The Problem With Sticky Notes
Here’s how AI memory used to work, and it’s a little embarrassing once you see it.
Every time you wanted ChatGPT to remember something, you had to tell it to remember. Like handing someone a sticky note and hoping they don’t lose it. “Remember I’m allergic to shellfish.” “Remember I work in finance.” “Remember my dog is named Biscuit.”
The AI would dutifully write it down. And then — slowly, over time — those notes would go stale. You moved cities. You changed jobs. Biscuit unfortunately passed. But the AI still thought everything was exactly as it was on the day you wrote that sticky note.
Think about how a real friend works. You don’t hand them a memo every time something changes in your life. They just… pick it up. They notice when you seem stressed. They remember that you mentioned a big work presentation last month and ask how it went. They adjust naturally as your life moves forward.
That’s the gap OpenAI has been trying to close — and on June 4th, 2026, they took the biggest step yet.
What “Dreaming” Actually Means
OpenAI called this new system Dreaming V3, and the name is surprisingly poetic for a tech company.
Here’s the idea. When you’re asleep, your brain doesn’t just shut off. It quietly sorts through everything that happened during the day — filing things away, connecting dots, updating your mental picture of the world. That’s what dreams are thought to do.
ChatGPT now does something similar. In the background, quietly, it processes your past conversations. Not reading them word for word — but synthesizing them. Learning patterns. Noticing preferences. Updating what it knows about you automatically, the same way a good friend would.
The results are striking. In 2024, ChatGPT could accurately recall relevant facts about you about 41.5% of the time. With Dreaming V3, that number jumped to 82.8%. That’s not a small tweak — that’s roughly doubling the AI’s ability to actually know who it’s talking to.
But here’s the part I find most fascinating: the system now understands time.
Old memory was frozen. Tell ChatGPT in March that you’re heading to Singapore in July, and in September it would still think you were preparing for an upcoming trip. It was like a friend who never updated their mental calendar.

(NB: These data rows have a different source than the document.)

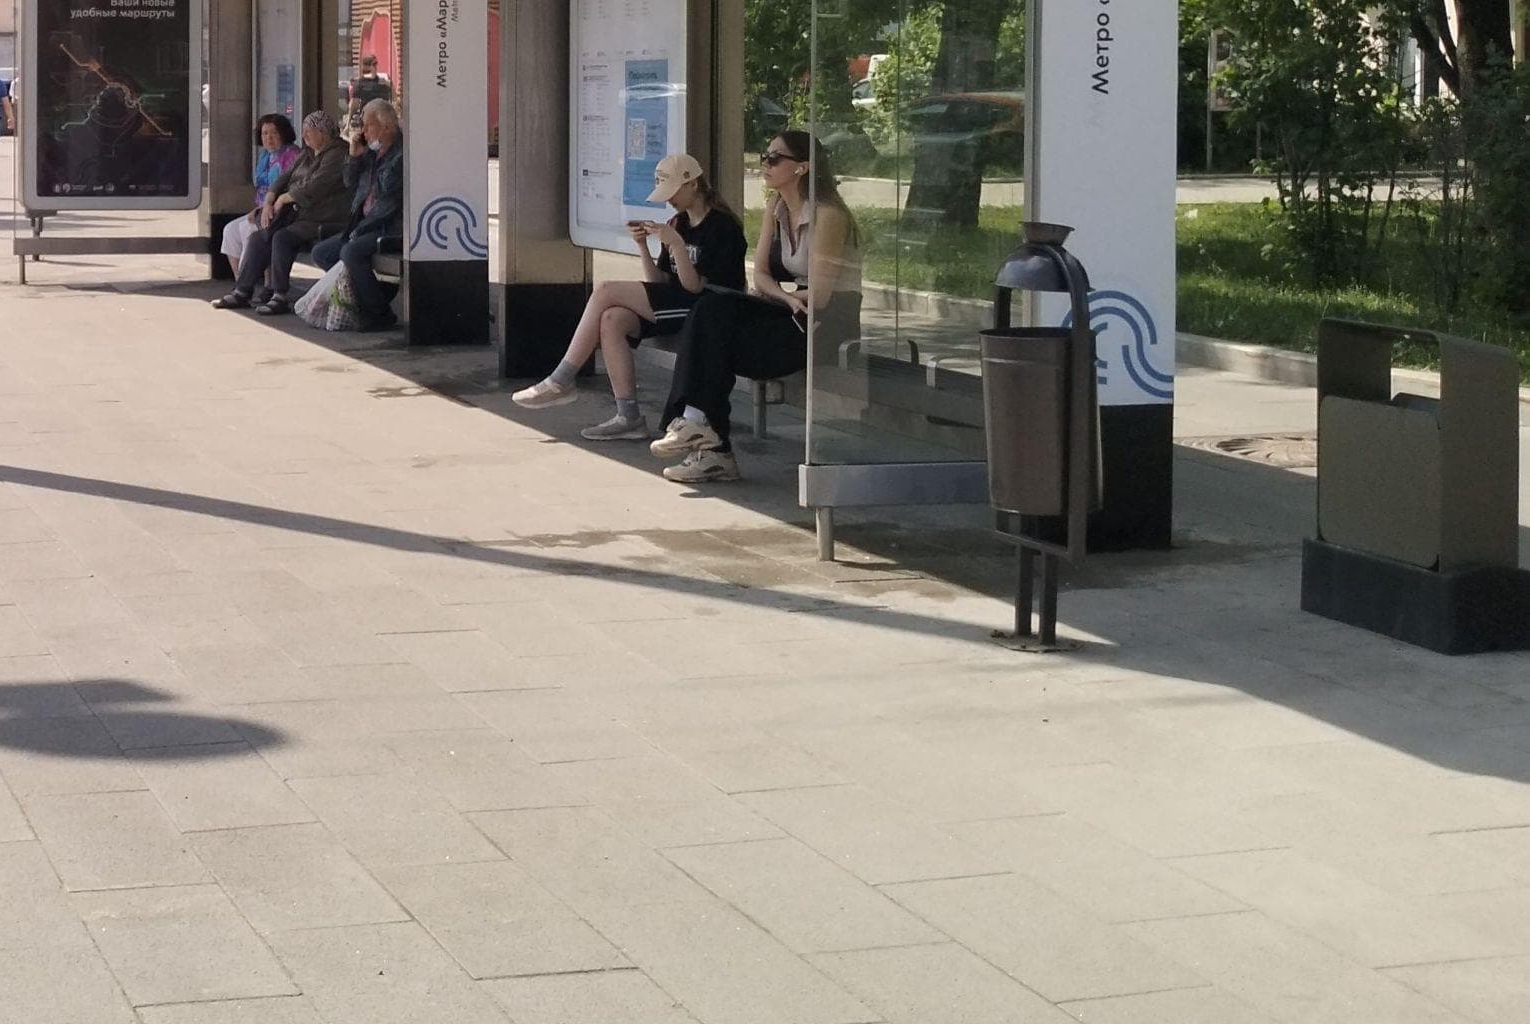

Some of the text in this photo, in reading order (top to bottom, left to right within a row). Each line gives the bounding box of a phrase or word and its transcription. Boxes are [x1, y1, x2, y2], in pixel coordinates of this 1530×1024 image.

[70, 7, 175, 19] удобные маршруты
[142, 0, 175, 7] новые
[436, 41, 449, 88] Метро
[1091, 11, 1115, 96] Метро
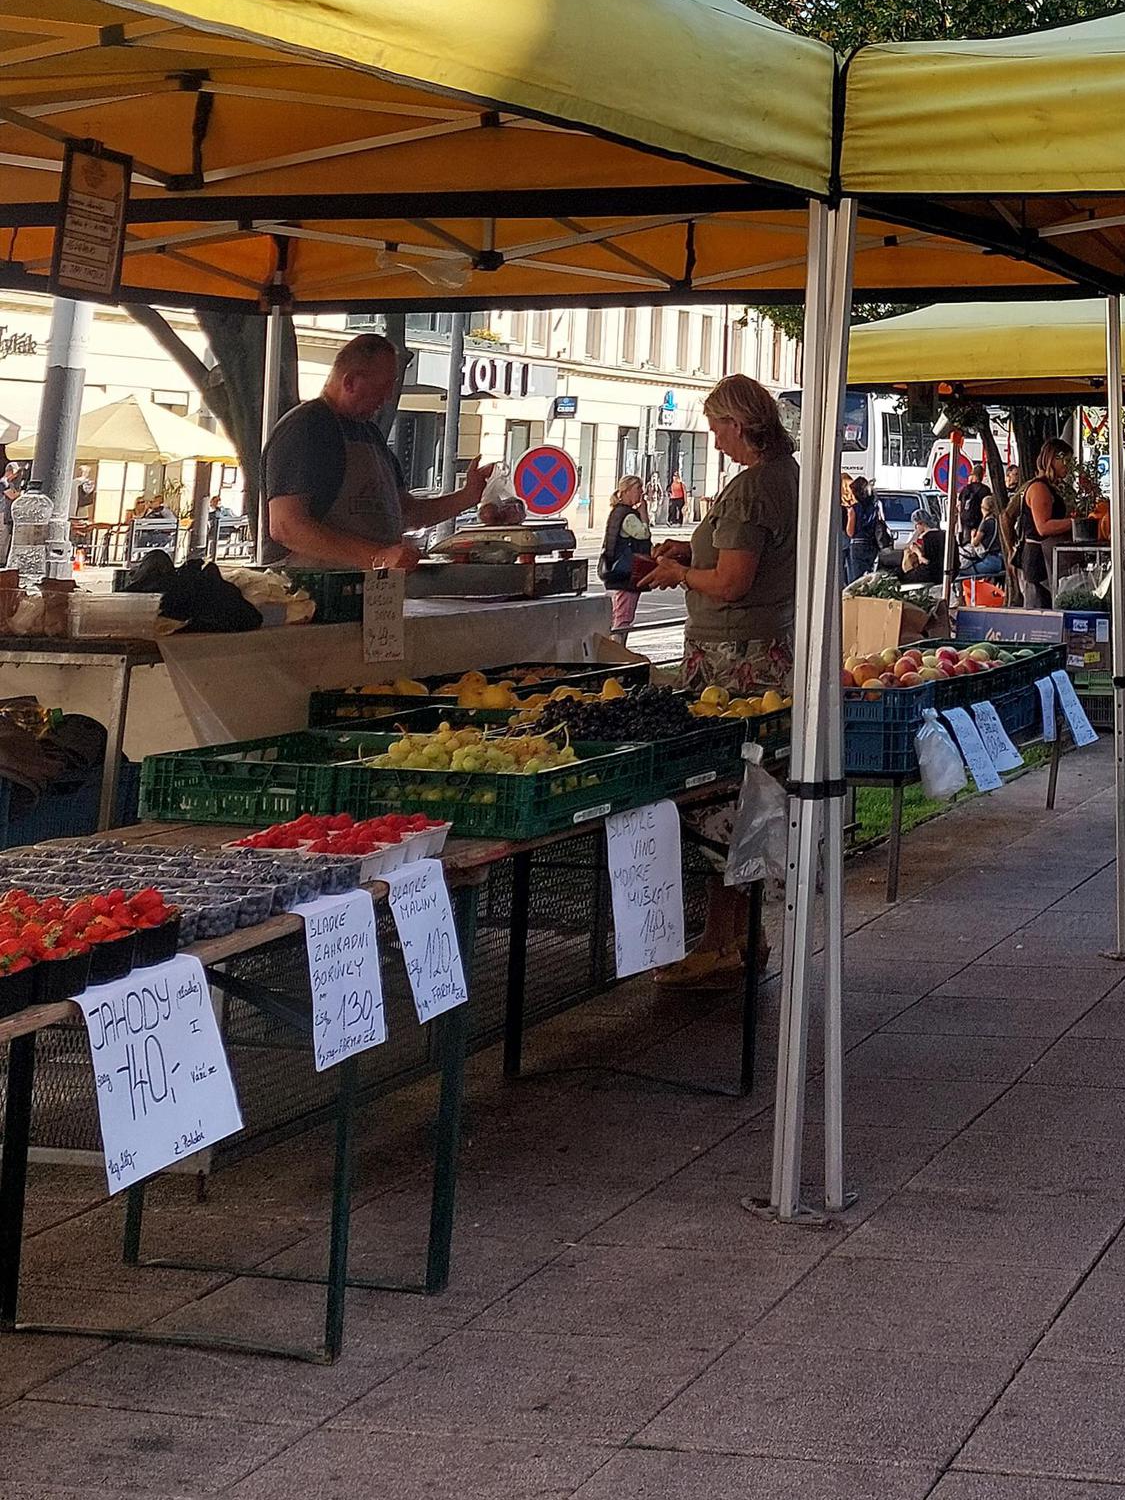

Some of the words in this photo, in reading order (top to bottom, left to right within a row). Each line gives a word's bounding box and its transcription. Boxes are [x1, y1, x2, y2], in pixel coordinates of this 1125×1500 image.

[310, 904, 350, 938] SLADKÉ
[400, 891, 437, 921] MALINY
[315, 921, 372, 963] ZAHRADNÍ
[88, 978, 171, 1050] JAHODY
[116, 1034, 181, 1121] 140,-

Dreaming V3 changes that. The system understands that “you’re going to Singapore in July” eventually becomes “you went to Singapore in July.” Memories age. Circumstances evolve. The AI adjusts.
Why This Took So Long (And Why It’s Ready Now)
You might wonder: if this is so obviously better, why didn’t they just do this sooner?
Because memory at scale is genuinely hard.
ChatGPT has hundreds of millions of users. Running a thoughtful, personalized memory system for each of them in the background — continuously, across years of conversations — requires an enormous amount of computing power. Until recently, the math just didn’t work for free users.
What unlocked this? OpenAI found a way to reduce the computing cost of Dreaming by about 5 times. Suddenly, what was only practical for paying subscribers became possible to offer everyone.
Plus and Pro subscribers in the US are getting it this week. Free users aren’t far behind.
What This Feels Like in Practice
Picture asking for a dinner recommendation near your home, and getting one — without having to remind the AI where you live. Or asking for camera gear recommendations, and having it suggest something compatible with your specific setup that you mentioned months ago. Or asking about local takeout options, and not being pointed to restaurants in a city you visited in the spring.
That’s what’s changing. Less explaining yourself. More being understood.
There’s also a new transparency panel that shows you what ChatGPT currently “knows” — and lets you correct or delete anything you’re not comfortable with. You’re still in the driver’s seat.
The Bigger Picture
Memory might sound like a small feature. But it’s actually one of the most human things an AI can have.
We don’t value relationships because the other person is smart. We value them because they know us. They carry our context. They remember what mattered to us last year.
An AI that keeps having to start from scratch every conversation isn’t really a companion — it’s a very sophisticated search engine. Dreaming V3 is OpenAI’s most serious attempt to close that gap.
The AI isn’t just getting smarter. It’s getting to know you.
And honestly? That’s kind of beautiful.